Conference Tracks

Conference organizers invited flexible proposals (approximately 45-60 minutes in length) for workshops, discussions, and other interactive focused sessions that help participants explore the following conference tracks in greater depth.

 

Track I: Making Meaning

This track seeks to explore and inform our understanding of the meaning and purpose of our lives and work, what motivates us, and the spaces we move in and care about as we learn and enact new ways of supporting ourselves and others within and beyond the pandemic.

  • How do we make meaning for ourselves and our communities through joy in affirming environments and struggle with challenges like those we have faced in these past few years?  How does this play out at our college or university?
  • How do we make meaning for ourselves and our communities by re/connecting with community and (inter)personal relationships in the face of challenging events?  How does this play out at our college or university?
  • How do we cultivate and sustain community-based approaches to enable us to not just survive, but thrive?
  • How can we re/focus meaning making on an asset-based framework rather than a deficit- or scarcity-based framework?

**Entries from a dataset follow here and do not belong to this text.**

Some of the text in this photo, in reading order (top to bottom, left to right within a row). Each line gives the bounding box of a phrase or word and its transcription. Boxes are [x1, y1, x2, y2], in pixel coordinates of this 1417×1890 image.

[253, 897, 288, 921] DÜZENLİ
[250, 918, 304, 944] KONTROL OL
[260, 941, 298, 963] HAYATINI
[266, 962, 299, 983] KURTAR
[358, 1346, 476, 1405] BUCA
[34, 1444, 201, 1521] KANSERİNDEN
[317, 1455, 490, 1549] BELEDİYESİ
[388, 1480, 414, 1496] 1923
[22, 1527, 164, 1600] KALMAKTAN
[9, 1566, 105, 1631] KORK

Track II: Nurturing Our Bodies and Minds 

This track seeks to explore and inform our understanding of the stressors placed on historically underrepresented students, faculty and staff at historically and predominately white institutions by re/centering, initiating/invoking, and embodying a pause.  Pause, in its verb form, is defined as interrupting action or speech briefly.  The work of caring for our communities and ourselves is the work, and embracing the practice of pausing allows us to reconceptualize how we can contribute to our individual and collective success in both good and challenging times.

  • What has been your journey/experience especially during the pandemic in understanding the need for a pause?   How has the pandemic made clearer the inequalities that exist from pausing?
  • What is your experience of pursuing or initiating a pause in your life?  How has it been beneficial or critical?
  • What are practices you engage in to embrace care and pause?

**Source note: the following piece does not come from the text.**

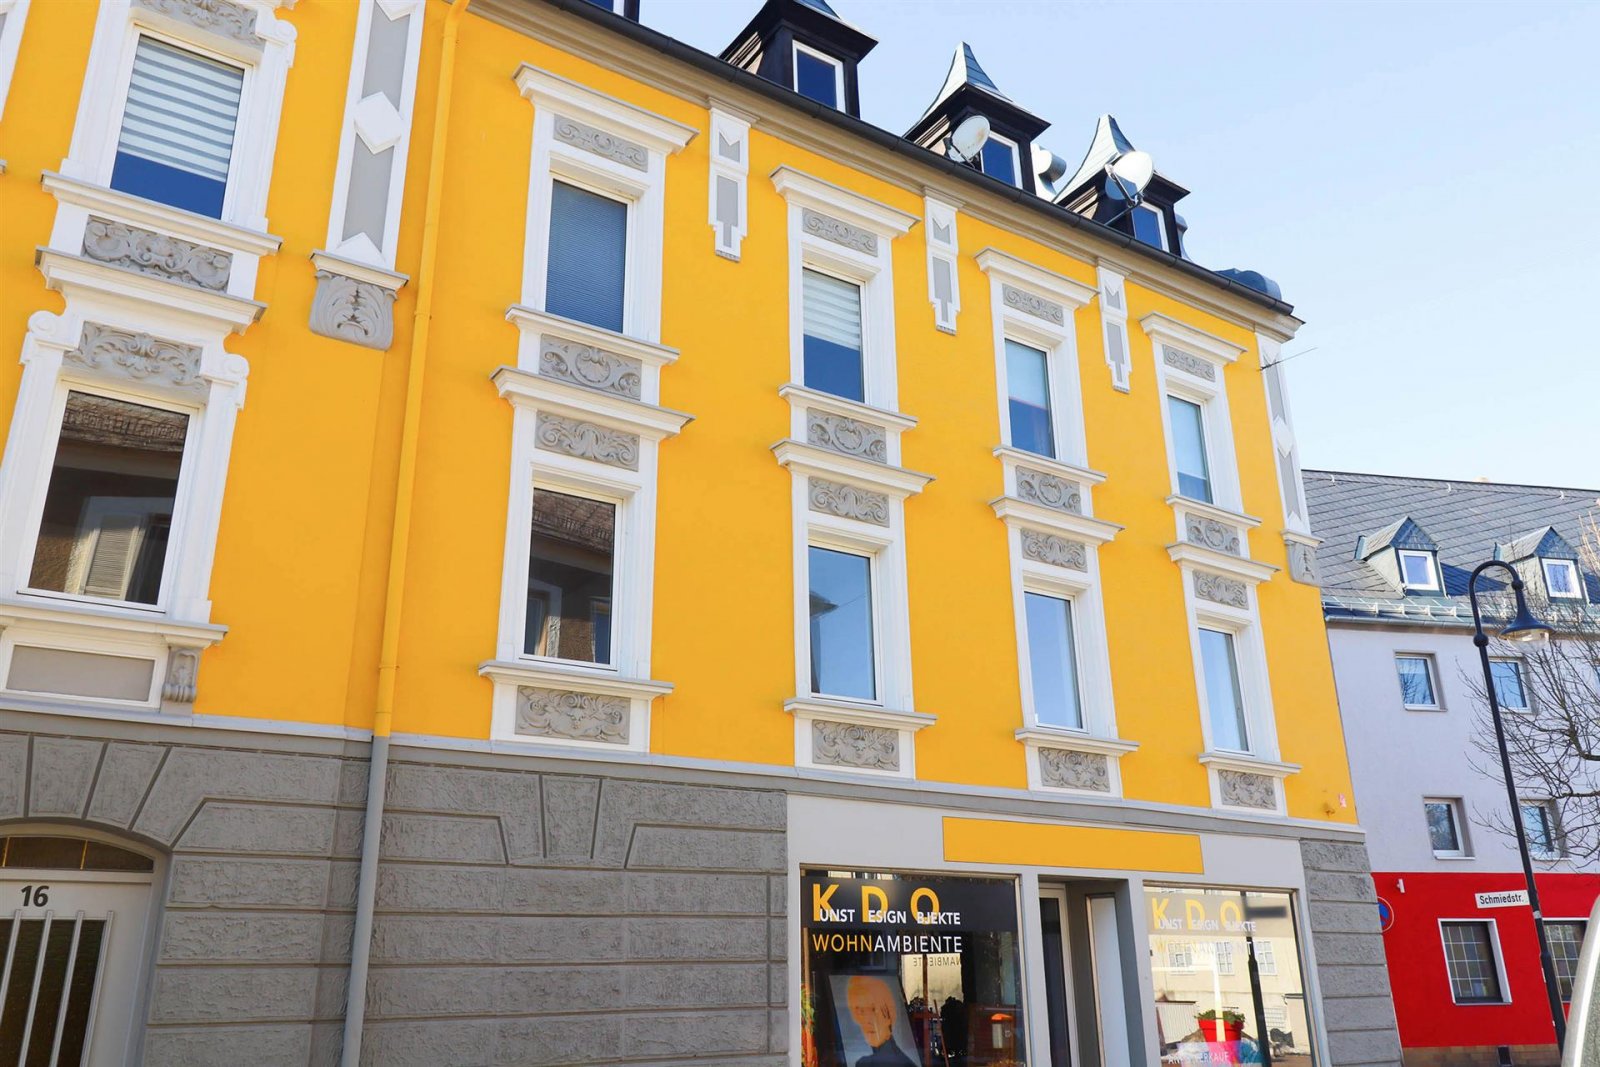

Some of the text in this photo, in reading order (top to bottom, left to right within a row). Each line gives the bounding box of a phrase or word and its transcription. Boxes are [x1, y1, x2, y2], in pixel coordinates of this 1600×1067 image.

[21, 885, 49, 907] 16
[1480, 893, 1524, 904] Schmiedstr.
[812, 934, 963, 952] WOHNAMBIENTE

Track III: Facing Forward Together

Pandemic and endemic disruptions have shown us just how valuable access to resources is for people of color. This track explores ways that current frameworks of support can be transformed into innovative approaches to community support that best resist endemic disruptions, increase resource accessibility and build new investments in students and professionals of color.

  • How are we actively creating liberating spaces for people of color within and outside of academia while navigating structural inequities often exacerbated by pandemic and endemic disruptions?
  • What possibility making can happen that affirms and resources the wholeness of communities of color?
  • How do we continue to utilize mentorship and collective support to nurture the growth of the students and staff who come after us?